Critical Accounting Policies, page 24

1.  Please provide us the following information in disclosure-type format to help us evaluate the adequacy of your disclosure:
  a. Quantify and disclose the reasonably likely effects that a change in estimate of unsettled amounts from 3rd party payors as of the latest balance sheet date could have on financial position and operations.
  b. In a comparative tabular format, the payor mix concentrations and related aging of accounts receivable. The aging schedule may be based on management's own reporting criteria (i.e. unbilled, less than 30 days, 30 to 60 days etc.) or some other reasonable presentation. At a minimum, the disclosure should indicate the past due amounts and a breakdown by payor classification (i.e. Medicare, Medicaid, Managed care and other, and Self-pay). We would expect Self-pay to be separately classified from any other grouping. If your billing system does not have the capacity to provide an aging schedule of your receivables, disclose the fact and clarify how this affects your ability to estimate your allowance for bad debts.
  c. The amounts that are pending approval from third party payors, where they have been classified in your aging buckets, and what payor classification they have been grouped with. If amounts are classified outside of self-pay, provide why this classification is appropriate, and disclose the historical percentage of amounts that get reclassified into self-pay.
  d. A discussion of your contractual allowances and the process involved in making that estimate or calculation including whether the amount is based on system inputs or whether it is an estimate based on other factors.

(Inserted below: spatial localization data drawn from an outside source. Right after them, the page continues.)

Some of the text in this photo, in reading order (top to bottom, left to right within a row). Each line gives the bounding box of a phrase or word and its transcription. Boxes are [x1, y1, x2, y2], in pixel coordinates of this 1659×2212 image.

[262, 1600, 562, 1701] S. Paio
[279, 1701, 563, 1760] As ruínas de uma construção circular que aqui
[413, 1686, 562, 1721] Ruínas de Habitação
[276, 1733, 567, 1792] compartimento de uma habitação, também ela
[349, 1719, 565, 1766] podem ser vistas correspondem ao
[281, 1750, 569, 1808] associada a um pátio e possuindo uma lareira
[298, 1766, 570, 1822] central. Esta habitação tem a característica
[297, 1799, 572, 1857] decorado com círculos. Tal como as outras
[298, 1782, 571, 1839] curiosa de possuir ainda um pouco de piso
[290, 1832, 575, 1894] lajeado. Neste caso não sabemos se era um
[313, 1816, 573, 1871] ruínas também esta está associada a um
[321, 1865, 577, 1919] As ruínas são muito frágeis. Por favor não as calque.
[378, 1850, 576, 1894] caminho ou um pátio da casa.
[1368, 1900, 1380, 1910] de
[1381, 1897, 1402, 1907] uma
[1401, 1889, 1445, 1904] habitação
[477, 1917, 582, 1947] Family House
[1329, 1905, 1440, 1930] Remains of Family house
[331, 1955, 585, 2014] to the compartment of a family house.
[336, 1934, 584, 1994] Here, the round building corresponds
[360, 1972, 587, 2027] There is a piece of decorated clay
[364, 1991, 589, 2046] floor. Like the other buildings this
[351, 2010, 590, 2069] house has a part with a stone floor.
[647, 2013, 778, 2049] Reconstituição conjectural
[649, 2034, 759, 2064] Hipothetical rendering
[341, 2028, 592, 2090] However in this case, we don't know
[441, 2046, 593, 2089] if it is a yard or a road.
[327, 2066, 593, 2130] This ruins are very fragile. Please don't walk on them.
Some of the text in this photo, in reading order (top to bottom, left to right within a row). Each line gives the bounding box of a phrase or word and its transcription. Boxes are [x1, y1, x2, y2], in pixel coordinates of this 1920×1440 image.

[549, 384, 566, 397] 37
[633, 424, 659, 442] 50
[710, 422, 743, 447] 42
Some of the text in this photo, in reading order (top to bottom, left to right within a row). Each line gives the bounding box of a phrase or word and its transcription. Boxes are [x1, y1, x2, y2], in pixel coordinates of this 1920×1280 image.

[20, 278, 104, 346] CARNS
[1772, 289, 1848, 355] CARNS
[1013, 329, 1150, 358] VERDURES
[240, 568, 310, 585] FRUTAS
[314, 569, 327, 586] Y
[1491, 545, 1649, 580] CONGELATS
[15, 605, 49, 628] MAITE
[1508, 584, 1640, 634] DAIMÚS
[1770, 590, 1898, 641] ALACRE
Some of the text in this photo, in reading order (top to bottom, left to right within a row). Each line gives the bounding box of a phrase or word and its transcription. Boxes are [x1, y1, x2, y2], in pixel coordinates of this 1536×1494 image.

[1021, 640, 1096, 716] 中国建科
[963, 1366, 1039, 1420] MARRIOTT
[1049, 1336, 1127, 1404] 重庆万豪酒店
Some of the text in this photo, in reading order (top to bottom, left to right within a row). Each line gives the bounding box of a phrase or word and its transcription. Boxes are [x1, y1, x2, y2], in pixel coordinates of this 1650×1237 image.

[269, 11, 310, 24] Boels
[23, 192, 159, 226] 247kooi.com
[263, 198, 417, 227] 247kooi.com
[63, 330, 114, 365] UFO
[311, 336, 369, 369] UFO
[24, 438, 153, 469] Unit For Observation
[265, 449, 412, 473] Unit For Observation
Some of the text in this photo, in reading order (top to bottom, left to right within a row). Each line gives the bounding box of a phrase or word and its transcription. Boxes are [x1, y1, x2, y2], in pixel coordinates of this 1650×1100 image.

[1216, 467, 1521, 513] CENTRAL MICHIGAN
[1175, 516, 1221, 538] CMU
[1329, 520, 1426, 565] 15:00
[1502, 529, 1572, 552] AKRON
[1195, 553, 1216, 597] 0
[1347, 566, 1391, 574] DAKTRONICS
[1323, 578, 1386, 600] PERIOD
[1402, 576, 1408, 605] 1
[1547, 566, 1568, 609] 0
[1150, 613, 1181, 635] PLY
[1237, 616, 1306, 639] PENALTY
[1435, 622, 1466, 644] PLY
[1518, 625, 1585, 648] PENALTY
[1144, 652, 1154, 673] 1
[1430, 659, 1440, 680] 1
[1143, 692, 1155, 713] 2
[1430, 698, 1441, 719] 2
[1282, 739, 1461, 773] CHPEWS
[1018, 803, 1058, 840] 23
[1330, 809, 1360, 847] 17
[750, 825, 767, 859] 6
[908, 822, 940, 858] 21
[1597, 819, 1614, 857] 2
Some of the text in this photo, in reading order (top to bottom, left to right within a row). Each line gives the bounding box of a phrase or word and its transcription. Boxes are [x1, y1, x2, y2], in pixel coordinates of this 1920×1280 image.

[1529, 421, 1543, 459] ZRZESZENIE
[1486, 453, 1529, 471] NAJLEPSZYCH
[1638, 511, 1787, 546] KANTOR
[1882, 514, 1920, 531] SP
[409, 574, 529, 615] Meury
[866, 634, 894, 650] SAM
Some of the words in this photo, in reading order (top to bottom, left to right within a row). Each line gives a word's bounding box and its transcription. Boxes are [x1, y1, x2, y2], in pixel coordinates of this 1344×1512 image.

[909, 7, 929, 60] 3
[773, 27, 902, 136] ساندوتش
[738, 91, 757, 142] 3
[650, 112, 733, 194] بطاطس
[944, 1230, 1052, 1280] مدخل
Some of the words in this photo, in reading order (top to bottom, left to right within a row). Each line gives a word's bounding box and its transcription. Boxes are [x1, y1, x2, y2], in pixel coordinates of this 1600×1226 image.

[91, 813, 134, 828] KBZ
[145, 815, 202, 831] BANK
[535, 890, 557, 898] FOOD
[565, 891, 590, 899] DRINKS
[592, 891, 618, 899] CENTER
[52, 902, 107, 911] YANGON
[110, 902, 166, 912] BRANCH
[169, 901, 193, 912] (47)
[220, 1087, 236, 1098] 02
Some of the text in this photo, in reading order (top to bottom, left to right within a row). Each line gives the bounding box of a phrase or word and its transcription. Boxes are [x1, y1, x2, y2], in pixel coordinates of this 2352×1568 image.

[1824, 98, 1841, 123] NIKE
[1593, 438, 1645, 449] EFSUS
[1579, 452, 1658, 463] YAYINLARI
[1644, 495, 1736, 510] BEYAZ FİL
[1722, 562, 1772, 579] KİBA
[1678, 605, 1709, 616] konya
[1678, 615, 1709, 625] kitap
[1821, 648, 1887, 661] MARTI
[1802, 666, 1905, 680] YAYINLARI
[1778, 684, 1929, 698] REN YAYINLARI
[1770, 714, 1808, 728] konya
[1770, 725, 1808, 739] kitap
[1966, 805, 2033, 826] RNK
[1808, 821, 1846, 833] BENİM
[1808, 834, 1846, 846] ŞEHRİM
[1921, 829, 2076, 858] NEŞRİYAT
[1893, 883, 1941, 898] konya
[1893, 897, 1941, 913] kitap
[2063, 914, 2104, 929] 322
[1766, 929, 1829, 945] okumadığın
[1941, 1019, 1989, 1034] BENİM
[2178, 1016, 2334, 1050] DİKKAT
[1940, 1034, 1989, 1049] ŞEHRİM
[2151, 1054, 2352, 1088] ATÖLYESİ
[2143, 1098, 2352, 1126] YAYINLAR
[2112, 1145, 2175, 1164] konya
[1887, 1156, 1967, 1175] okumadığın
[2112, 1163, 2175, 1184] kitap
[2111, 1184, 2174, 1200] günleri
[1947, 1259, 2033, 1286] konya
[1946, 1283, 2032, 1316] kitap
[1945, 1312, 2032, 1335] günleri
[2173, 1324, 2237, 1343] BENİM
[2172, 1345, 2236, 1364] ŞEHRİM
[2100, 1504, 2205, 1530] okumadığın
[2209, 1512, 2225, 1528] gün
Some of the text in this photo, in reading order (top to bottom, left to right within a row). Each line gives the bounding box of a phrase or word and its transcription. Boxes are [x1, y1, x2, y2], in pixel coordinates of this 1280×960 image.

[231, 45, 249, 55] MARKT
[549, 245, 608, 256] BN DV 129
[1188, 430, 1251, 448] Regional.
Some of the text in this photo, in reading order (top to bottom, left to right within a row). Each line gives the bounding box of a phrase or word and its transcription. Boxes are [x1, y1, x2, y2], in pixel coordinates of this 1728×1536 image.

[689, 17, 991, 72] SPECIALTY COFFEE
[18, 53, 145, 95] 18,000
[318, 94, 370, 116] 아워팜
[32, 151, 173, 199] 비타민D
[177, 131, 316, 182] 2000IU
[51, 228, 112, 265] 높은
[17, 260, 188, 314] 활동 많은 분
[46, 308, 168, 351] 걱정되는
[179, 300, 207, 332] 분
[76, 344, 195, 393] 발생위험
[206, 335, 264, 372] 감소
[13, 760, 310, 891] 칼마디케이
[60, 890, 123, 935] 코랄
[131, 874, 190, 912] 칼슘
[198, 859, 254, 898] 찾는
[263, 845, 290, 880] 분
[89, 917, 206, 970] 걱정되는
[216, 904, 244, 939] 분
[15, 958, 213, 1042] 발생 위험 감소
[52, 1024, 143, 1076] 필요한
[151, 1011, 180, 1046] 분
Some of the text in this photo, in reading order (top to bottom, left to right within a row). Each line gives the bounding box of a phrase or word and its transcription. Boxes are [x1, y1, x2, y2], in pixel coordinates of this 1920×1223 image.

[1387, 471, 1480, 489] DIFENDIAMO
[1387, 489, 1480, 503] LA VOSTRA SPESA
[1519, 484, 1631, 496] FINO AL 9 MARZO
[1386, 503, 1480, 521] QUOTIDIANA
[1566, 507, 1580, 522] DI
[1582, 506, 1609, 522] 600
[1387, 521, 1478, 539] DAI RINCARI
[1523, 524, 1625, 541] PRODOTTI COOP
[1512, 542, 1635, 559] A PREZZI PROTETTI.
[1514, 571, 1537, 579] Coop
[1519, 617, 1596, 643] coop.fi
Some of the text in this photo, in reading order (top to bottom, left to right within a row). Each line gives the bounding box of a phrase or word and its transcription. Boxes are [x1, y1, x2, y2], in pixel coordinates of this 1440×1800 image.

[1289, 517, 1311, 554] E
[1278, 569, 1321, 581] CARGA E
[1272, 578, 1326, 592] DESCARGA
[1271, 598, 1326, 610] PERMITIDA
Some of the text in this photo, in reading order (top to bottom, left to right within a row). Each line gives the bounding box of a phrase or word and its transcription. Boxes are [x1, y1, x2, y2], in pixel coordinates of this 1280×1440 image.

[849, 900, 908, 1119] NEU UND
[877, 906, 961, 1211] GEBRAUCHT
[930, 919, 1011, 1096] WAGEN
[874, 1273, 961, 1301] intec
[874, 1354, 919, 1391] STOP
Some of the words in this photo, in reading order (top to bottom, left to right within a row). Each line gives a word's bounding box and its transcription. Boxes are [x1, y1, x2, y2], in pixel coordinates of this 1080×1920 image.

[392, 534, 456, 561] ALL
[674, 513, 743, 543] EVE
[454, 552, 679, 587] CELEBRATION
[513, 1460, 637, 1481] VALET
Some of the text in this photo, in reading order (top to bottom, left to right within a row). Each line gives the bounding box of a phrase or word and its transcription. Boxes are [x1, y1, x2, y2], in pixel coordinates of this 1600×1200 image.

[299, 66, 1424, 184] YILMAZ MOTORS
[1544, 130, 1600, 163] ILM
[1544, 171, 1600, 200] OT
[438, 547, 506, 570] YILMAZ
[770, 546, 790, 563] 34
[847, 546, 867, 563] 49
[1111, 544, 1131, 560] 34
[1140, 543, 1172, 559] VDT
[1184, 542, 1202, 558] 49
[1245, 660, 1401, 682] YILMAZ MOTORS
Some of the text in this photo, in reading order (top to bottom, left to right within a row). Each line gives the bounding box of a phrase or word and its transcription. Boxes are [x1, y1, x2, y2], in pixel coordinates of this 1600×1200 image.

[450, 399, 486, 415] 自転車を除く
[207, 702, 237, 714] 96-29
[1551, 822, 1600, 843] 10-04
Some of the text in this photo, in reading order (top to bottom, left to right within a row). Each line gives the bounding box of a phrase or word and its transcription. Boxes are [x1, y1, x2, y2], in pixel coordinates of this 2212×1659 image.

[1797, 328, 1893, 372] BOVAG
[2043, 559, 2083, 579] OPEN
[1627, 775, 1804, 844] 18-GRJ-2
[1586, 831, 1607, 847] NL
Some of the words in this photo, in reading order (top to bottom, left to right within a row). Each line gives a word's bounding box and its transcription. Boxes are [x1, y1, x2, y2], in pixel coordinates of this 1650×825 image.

In future filings, the Company will expand upon its current disclosure of "Accounts Receivable" under "Item 7- Management's Discussion and Analysis of Financial Condition and Results of Operations – Liquidity and Capital Resources" for the applicable periods to include the following:

Gross receivables were $35.9 million of which $24.0 million or 66.9% were represented by amounts due from United Kingdom ("UK") governmental bodies, either the National Health Service (the "NHS") or local governmental social service departments (the "SSD"). The remaining accounts receivable balance is due from commercial payors (nursing homes, private hospitals and pharmacies) and private payors. The following table summarizes the accounts receivable aging by payor mix at September 30, 2005 (dollars in thousands):


  0-30
Days
31-60
Days
61-90
Days
91-120
Days
121 Days
And Over
AR At
9/30/2005
NHS $ 8,130   $ 3,884   $ 1,216   $ 668   $ 583   $ 14,481  
SSD   6,244     1,746     304     512     711     9,517  
Commercial Payors   5,231     2,230     530     157     212     8,360  
Private Payors   2,001     670     319     142     369     3,501  
Gross AR at 9/30/05 $ 21,606   $ 8,530   $ 2,369   $ 1,479   $ 1,875   $ 35,859  
Less: Unapplied Cash                                 (168
Less: Surcharges(A)                                 (514
Less: Allowance For Doubtful Accounts                                 (1,734
Accounts Receivable, net                               $ 33,443  

(A) Surcharges represent interest charges to customers on overdue accounts. The surcharges are recognized in income only upon receipt of payment.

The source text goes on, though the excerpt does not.